Discussion in 'Technique [BG]' started by Davidoc, Sep 8, 2000.

  1. I've been reading a book that has technique tips. It says rest your thumb on the e-string when plucking the a, d, or g strings, but when plucking the e, rest it on the pickup. This is kind of a pain moving my thumb around. '

    What techniques for thumb placement do you use? Should I get used to moving my thumb?
  2. KampKomfort


    Jul 27, 2000
    ...but that is the way I have always played, with a 2 (sometimes 3) finger technique. It just came naturally that way for me. Is your pickup in a strange location? That may make moving your thumb to it impractical. It works great on my P-bass. Good luck with it.

  3. RAM


    May 10, 2000
    Chicago, IL
    From my experiences, what I've found that by resting my thumb on the "E" string while playing the "A", "D", and "G" strings allows me to keep my right hand a little more closed, which adds to flexibility while playing. Furthermore, it allows me to mute the "E" string better, so I'm less likely to strike it while playing another string.

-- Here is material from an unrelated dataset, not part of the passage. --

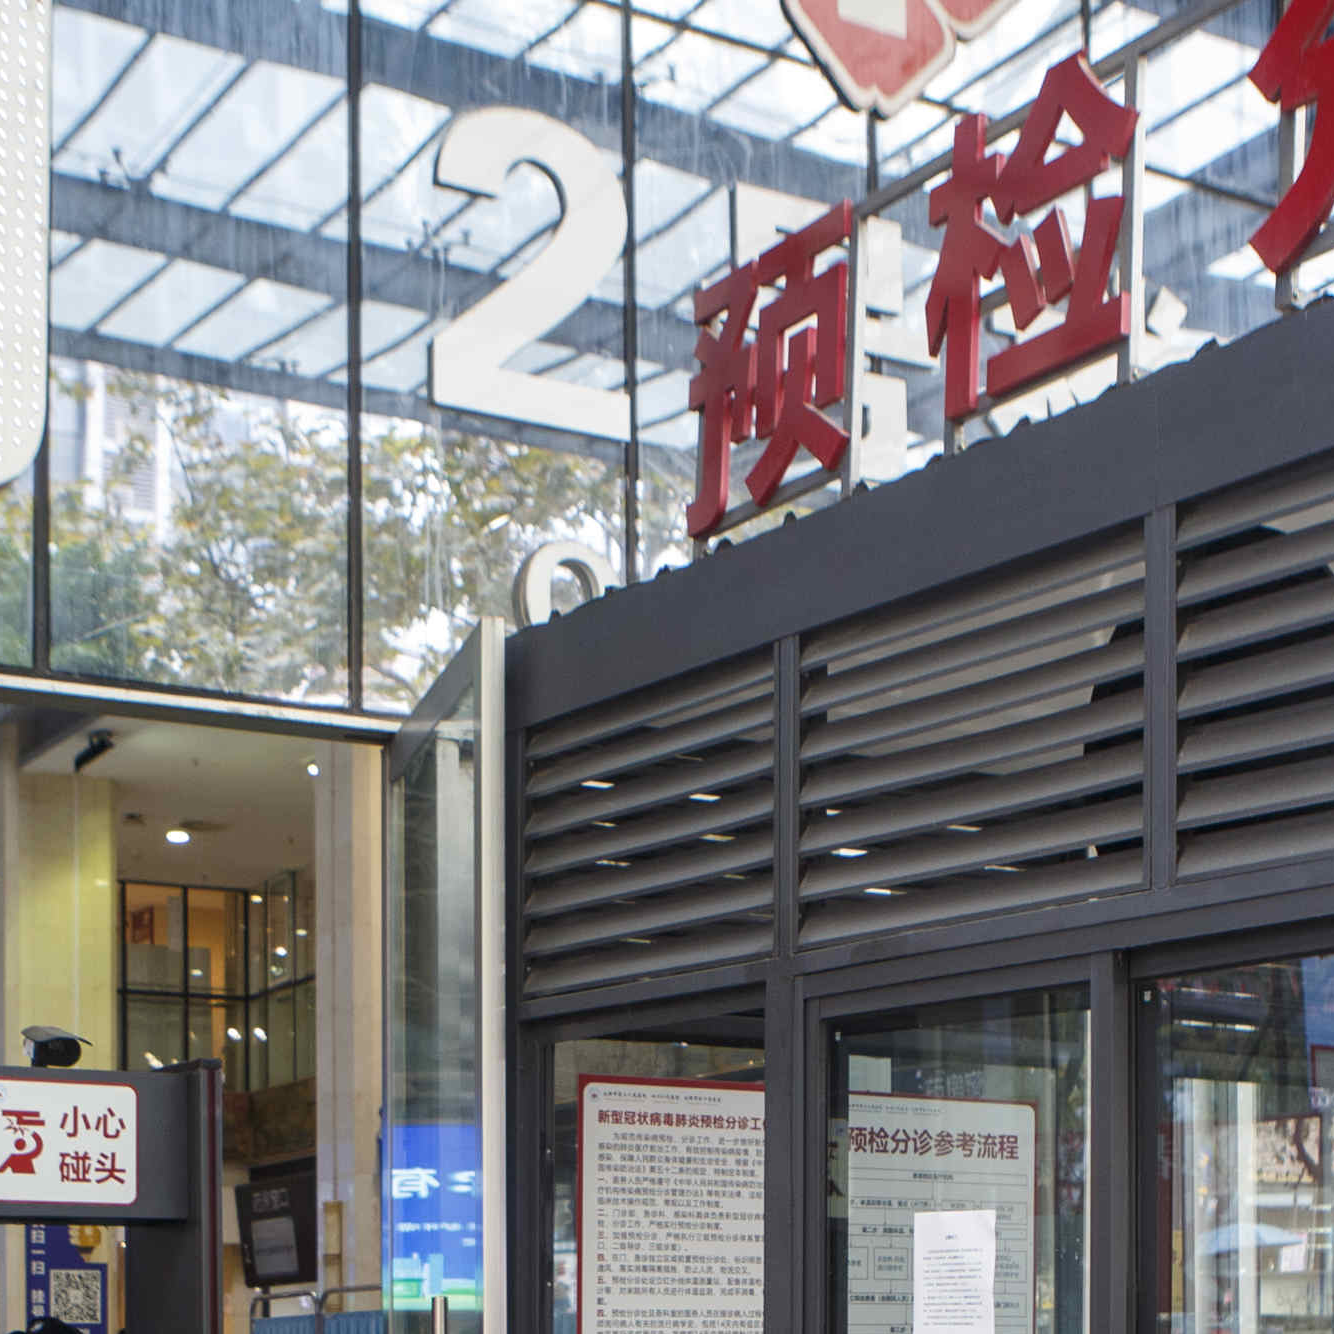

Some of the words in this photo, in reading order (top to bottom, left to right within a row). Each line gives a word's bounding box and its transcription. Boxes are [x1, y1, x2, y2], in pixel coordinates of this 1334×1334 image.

[59, 1105, 126, 1140] 小心
[598, 1110, 765, 1131] 新型冠状病毒肺炎预检分诊工
[58, 1150, 126, 1185] 碰头
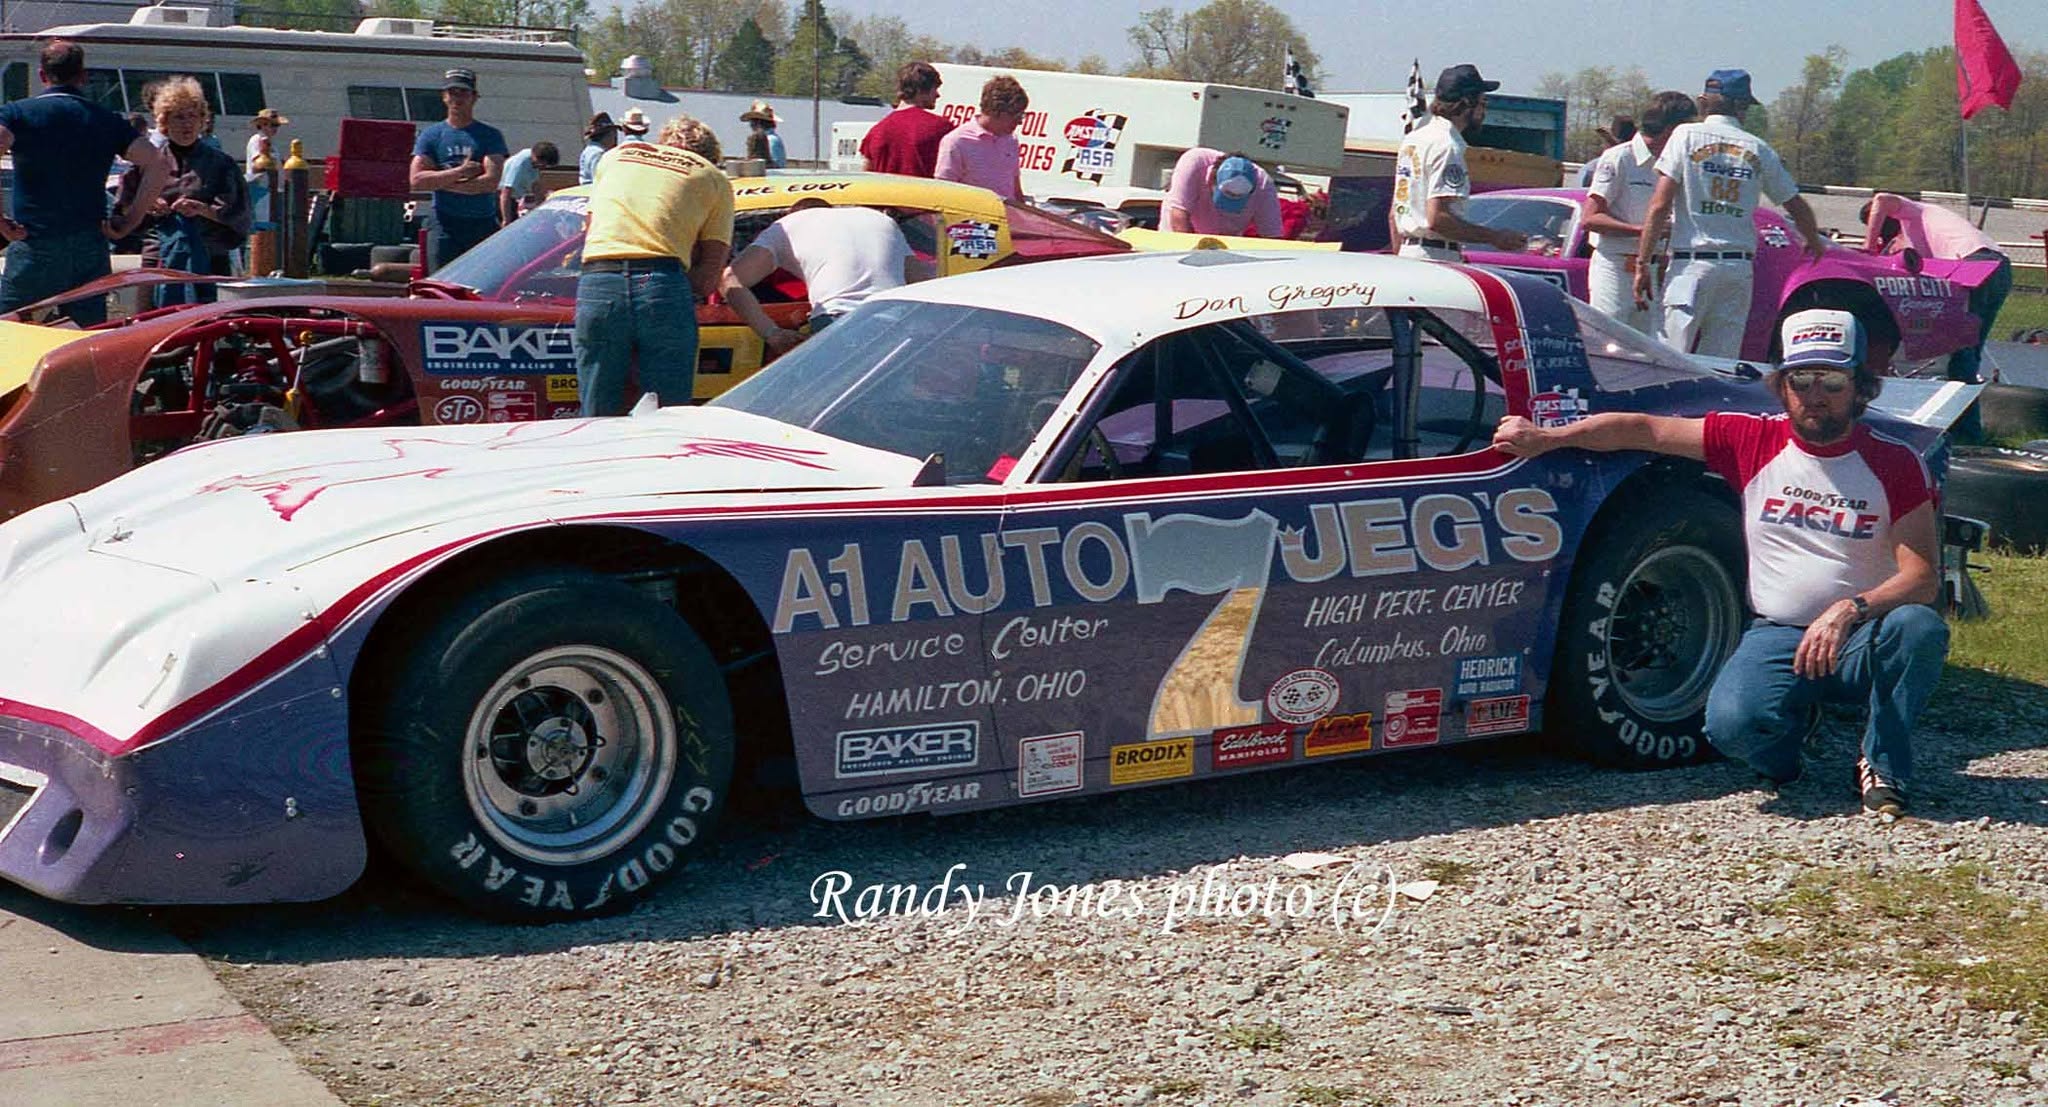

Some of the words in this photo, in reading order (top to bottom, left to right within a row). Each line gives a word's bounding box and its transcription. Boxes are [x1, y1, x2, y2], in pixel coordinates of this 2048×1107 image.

    I do use several types of techniques, however, and vary them according to a style or sound I'm trying to achieve. There are times that if I'm playing a fast run from low to high, and across several strings, I may find it easier to keep my thumb stationary on the pickup.

    In addition, you may also consider the sound you're trying to achieve. For example, in rock during the '60's, it was common for bass guitarists to rest their thumb on the neck, closer to the middle of the string for a warmer, rounder sound. Other bassists, such as Jaco, play (or played) back by the bridge for a "woodier", more middly, punchier sound.

    So, while there are certainly guidelines that you'll find in books, videos, and even interviews by some of your favorite artists, be conscious of what you're trying to achieve and how your hand develops. I'd still recommend practicing all different techniques to give you that added versatility, however.


    May 29, 2000
    hooksett NH USA

    I put it different places at different times...
    Some times I rest it on the side if my neck. Or the "B", "E", "A", "D" or "G" string.Sometimes I just let it hang. Some songs, like that "limp bizkit" song that everybody loves (you know the one...) I can play with my thump in my.......nevermind.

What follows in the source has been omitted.